TASK STATEMENT: Leaving the pictures aside, repeat every line below exactly.

DATASET RECORDS:
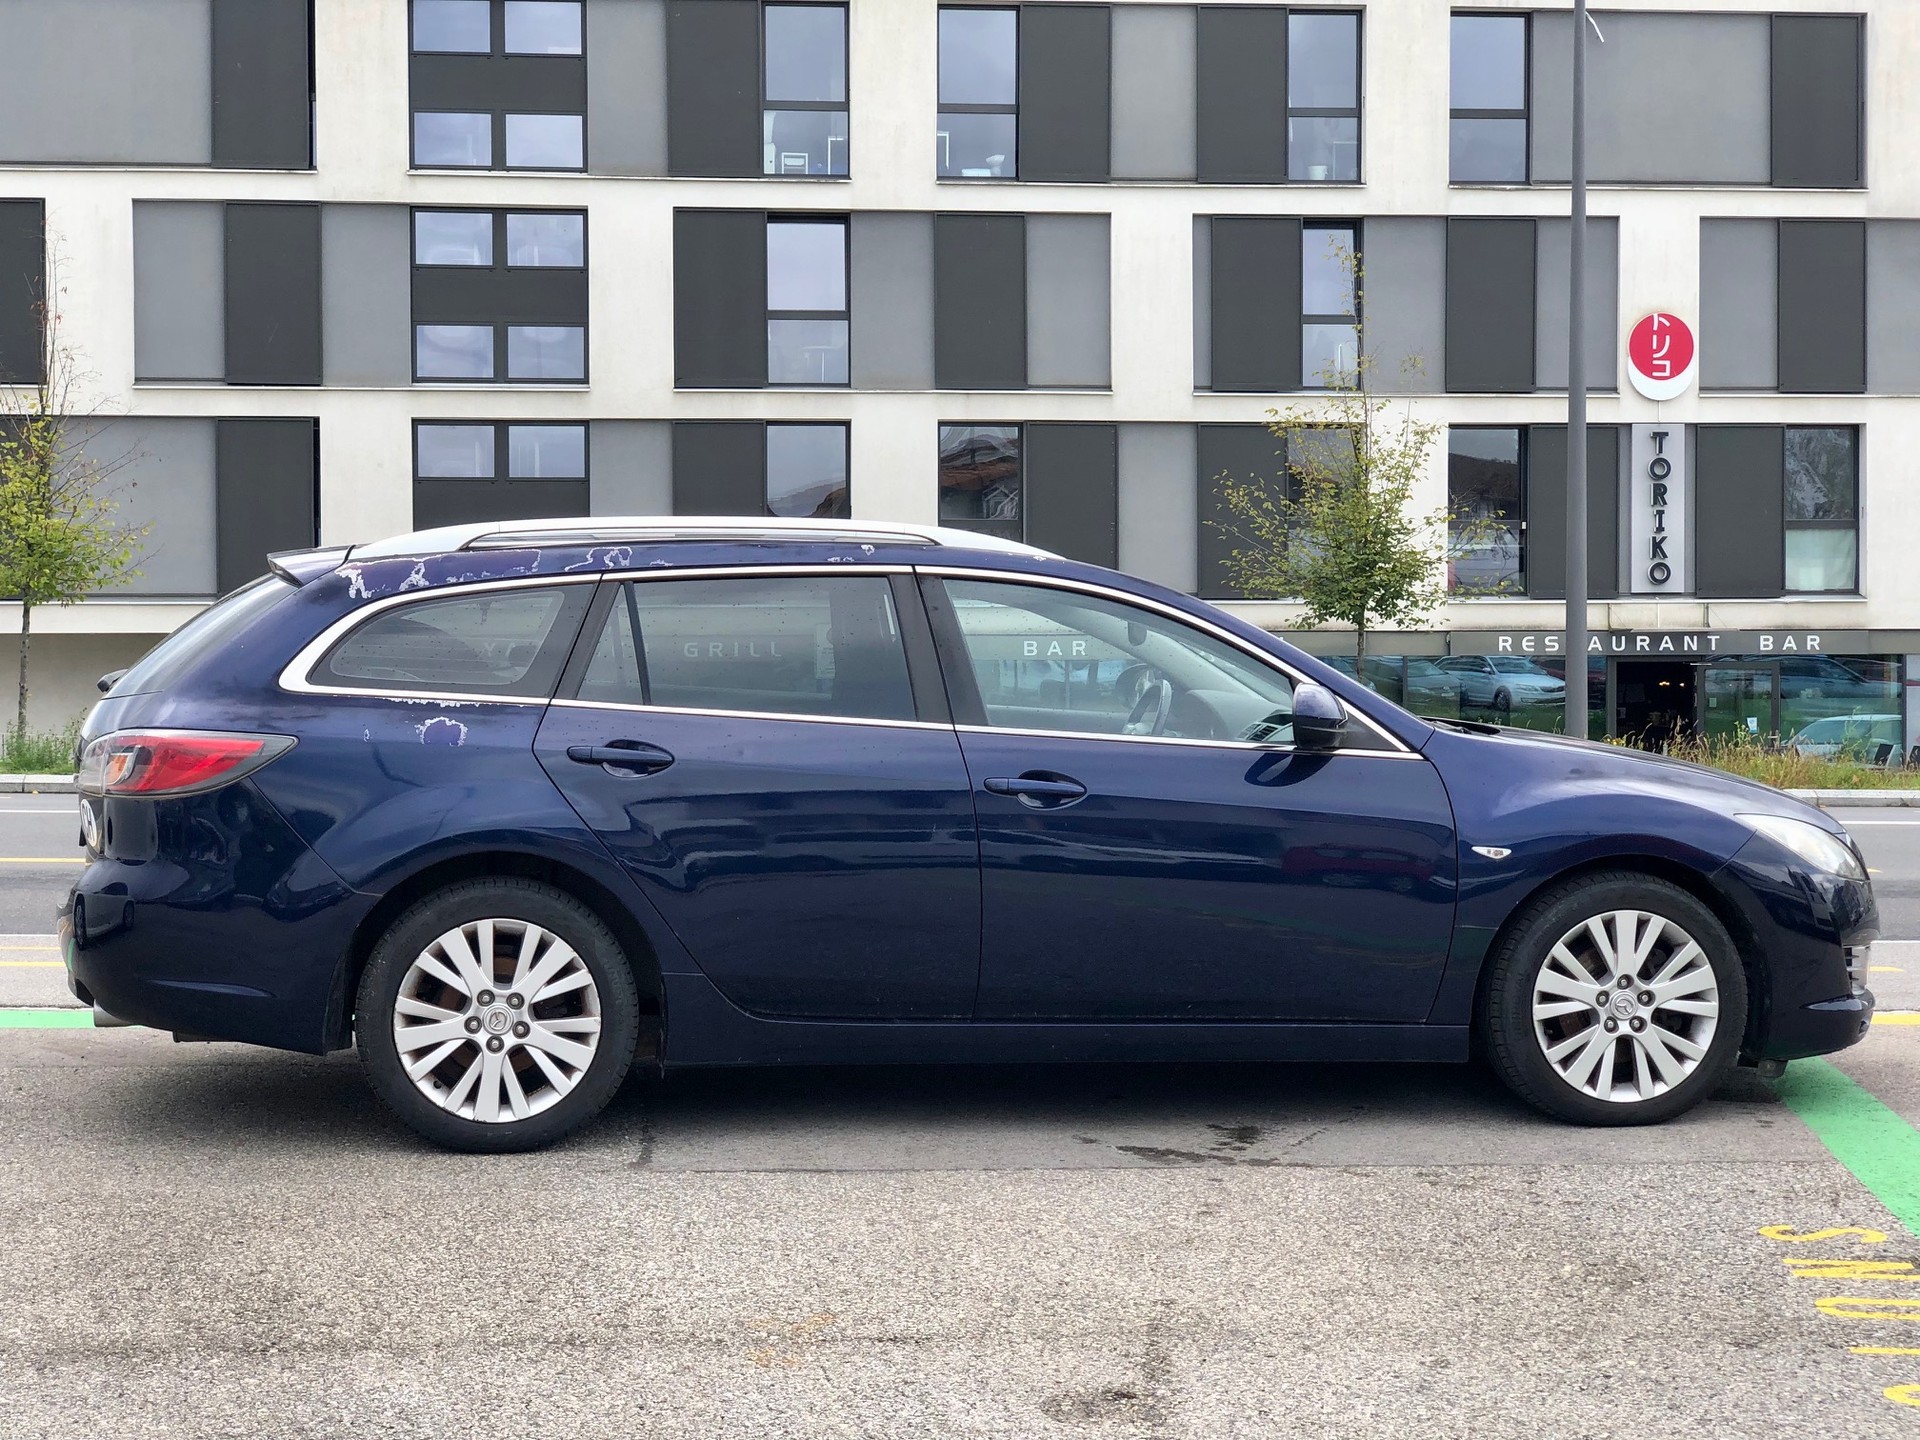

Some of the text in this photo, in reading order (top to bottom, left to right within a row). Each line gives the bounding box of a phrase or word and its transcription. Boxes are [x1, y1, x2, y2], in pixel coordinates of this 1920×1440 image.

[1651, 313, 1671, 377] トリコ
[1647, 431, 1672, 585] TORIKO
[683, 639, 1088, 658] GRILL BAR
[1498, 634, 1822, 652] RESAURANT BAR

TASK SOLUTION:
Some of the text in this photo, in reading order (top to bottom, left to right within a row). Each line gives the bounding box of a phrase or word and its transcription. Boxes are [x1, y1, x2, y2], in pixel coordinates of this 1920×1440 image.

[1651, 313, 1671, 377] トリコ
[1647, 431, 1672, 585] TORIKO
[683, 639, 1088, 658] GRILL BAR
[1498, 634, 1822, 652] RESAURANT BAR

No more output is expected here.